Bu cümlede, “döndüğünü” sözcüğünün tamlayanı düştüğü için cümle hem Senin, buralara kadar gelip de bize uğramadan döndüğünü duyunca kulaklarıma inanamamıştım.” hem de “Onun, buralara kadar gelip de bize uğramadan döndüğünü duyunca kulaklarıma inanamamıştım.” şeklinde iki türlü anlaşılabilmektedir. Bu durum, cümlede anlam belirsizliğine yol açmaktadır.

-Kitap okumaya, dostlarımdan daha çok vakit ayırırım.

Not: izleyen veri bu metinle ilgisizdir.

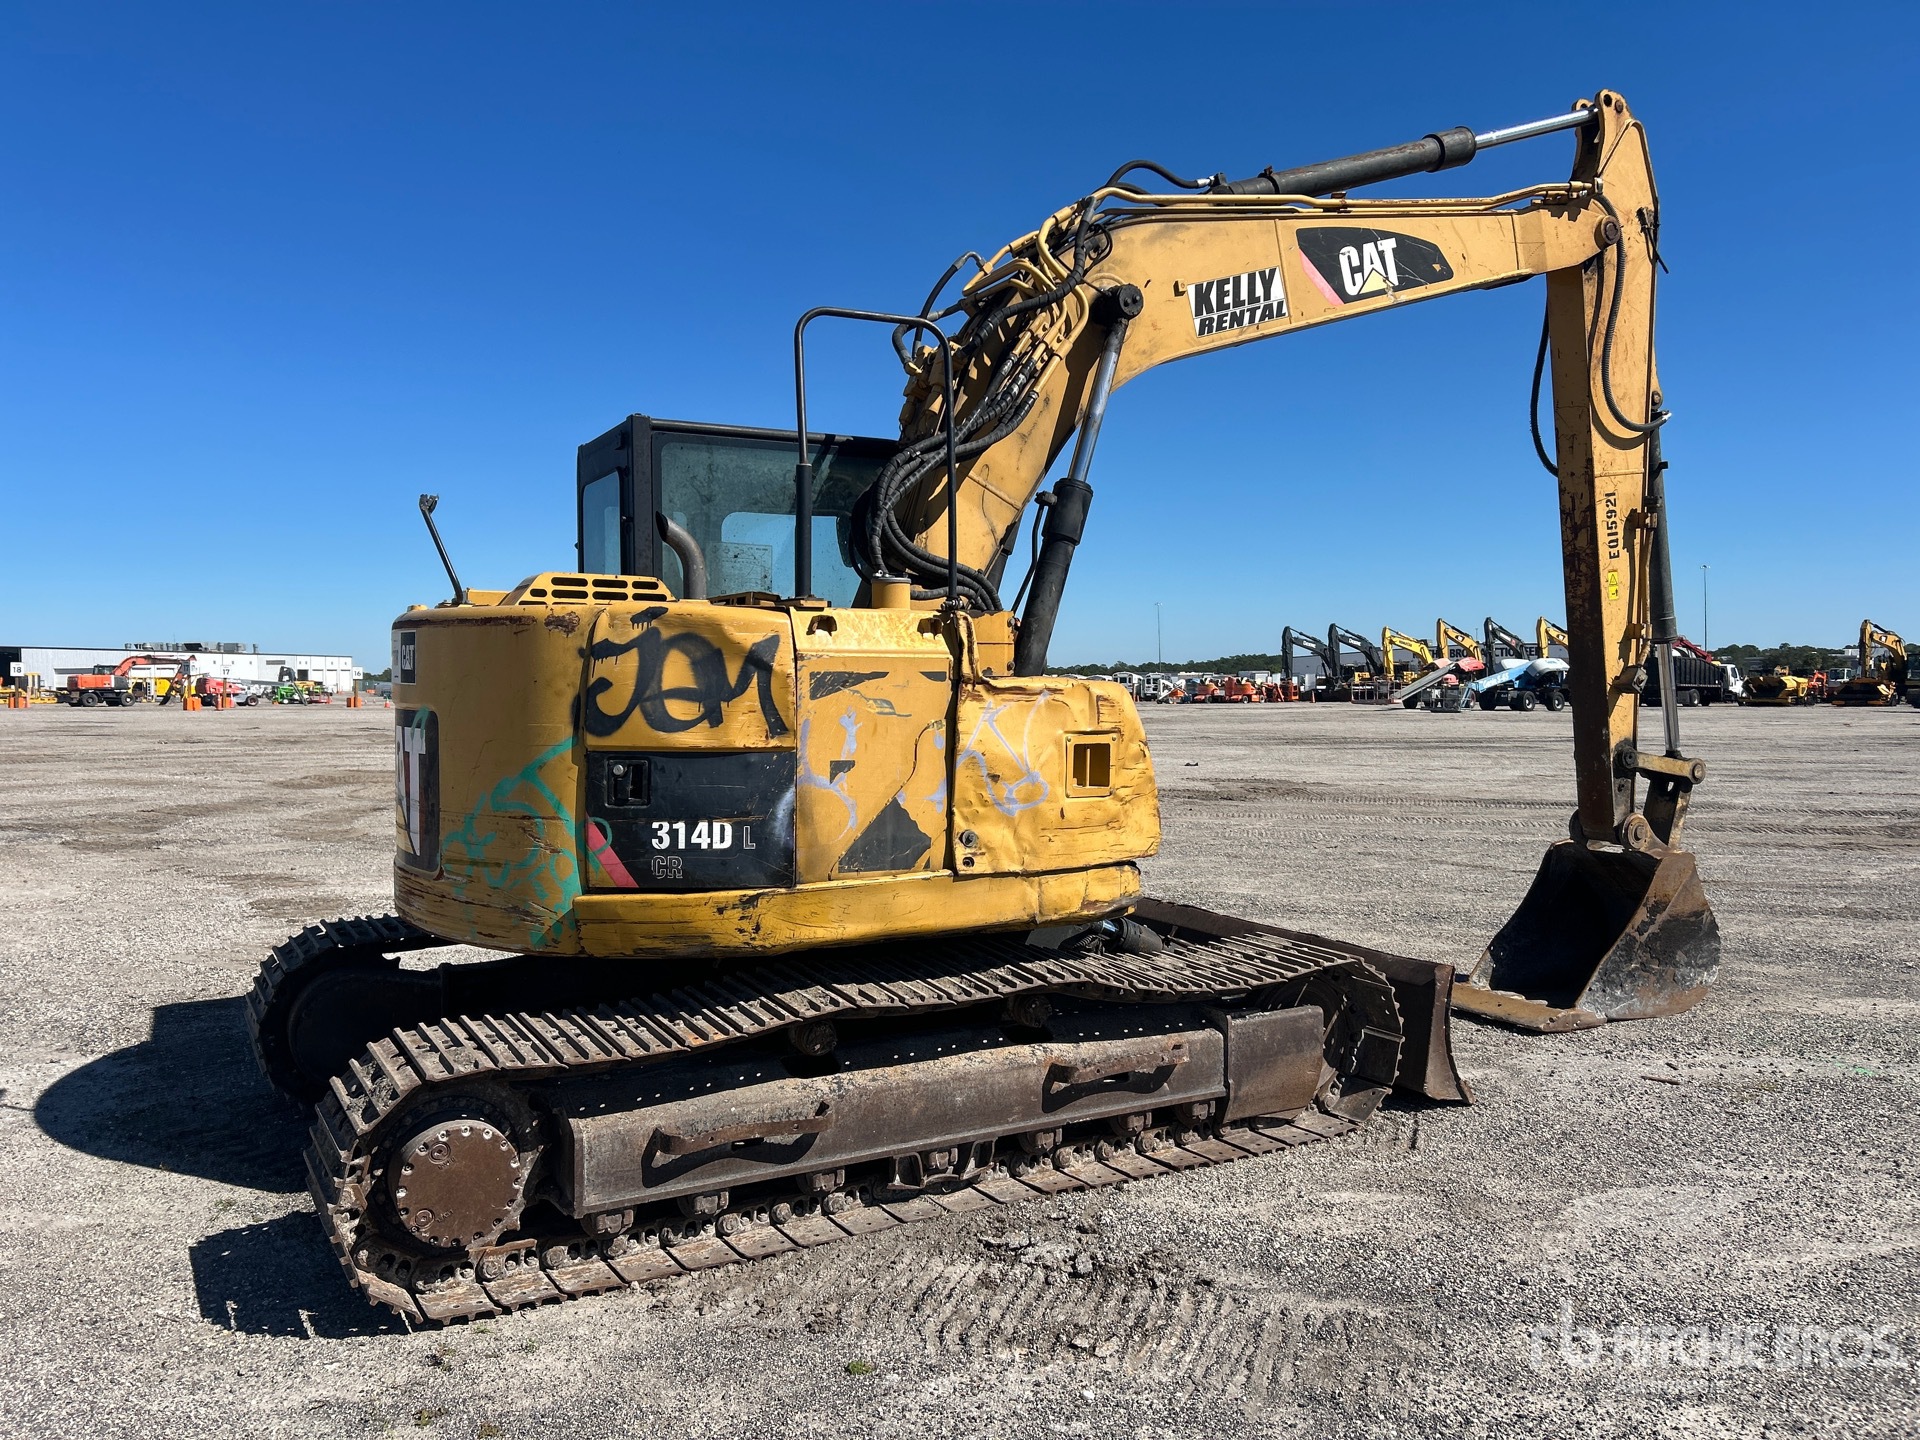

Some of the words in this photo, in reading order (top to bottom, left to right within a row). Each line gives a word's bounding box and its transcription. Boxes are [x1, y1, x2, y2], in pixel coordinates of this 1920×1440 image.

Bu cümlede, cümleyi söyleyen kişinin, hem “kitap okumaya ayırdığı vakit bakımından kendisini dostlarıyla kıyasladığı” hem de “kitap okumaya ayırdığı vaktin, dostlarına ayırdığı vakitten daha çok olduğu” anlaşılabilmektedir. Bu yüzden, cümlede anlam karışıklığı vardır.

Not: Anlam belirsizliği ile ilgili sorularda, “anlam belirsizliği” ya da “anlam karışıklığı” ifadesi mutlaka bulunur.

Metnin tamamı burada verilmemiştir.